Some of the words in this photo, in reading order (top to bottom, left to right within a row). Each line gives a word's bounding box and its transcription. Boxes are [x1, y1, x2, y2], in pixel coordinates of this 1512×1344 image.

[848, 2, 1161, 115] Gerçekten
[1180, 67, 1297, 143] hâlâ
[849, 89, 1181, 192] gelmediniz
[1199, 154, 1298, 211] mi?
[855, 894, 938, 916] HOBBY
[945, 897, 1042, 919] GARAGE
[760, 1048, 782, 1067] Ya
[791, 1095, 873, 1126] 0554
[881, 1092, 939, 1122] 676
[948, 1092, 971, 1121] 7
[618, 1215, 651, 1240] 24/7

• Assignment: All of the material above needs to be retyped word for word.

• Solved problem:
Some of the words in this photo, in reading order (top to bottom, left to right within a row). Each line gives a word's bounding box and its transcription. Boxes are [x1, y1, x2, y2], in pixel coordinates of this 1512×1344 image.

[848, 2, 1161, 115] Gerçekten
[1180, 67, 1297, 143] hâlâ
[849, 89, 1181, 192] gelmediniz
[1199, 154, 1298, 211] mi?
[855, 894, 938, 916] HOBBY
[945, 897, 1042, 919] GARAGE
[760, 1048, 782, 1067] Ya
[791, 1095, 873, 1126] 0554
[881, 1092, 939, 1122] 676
[948, 1092, 971, 1121] 7
[618, 1215, 651, 1240] 24/7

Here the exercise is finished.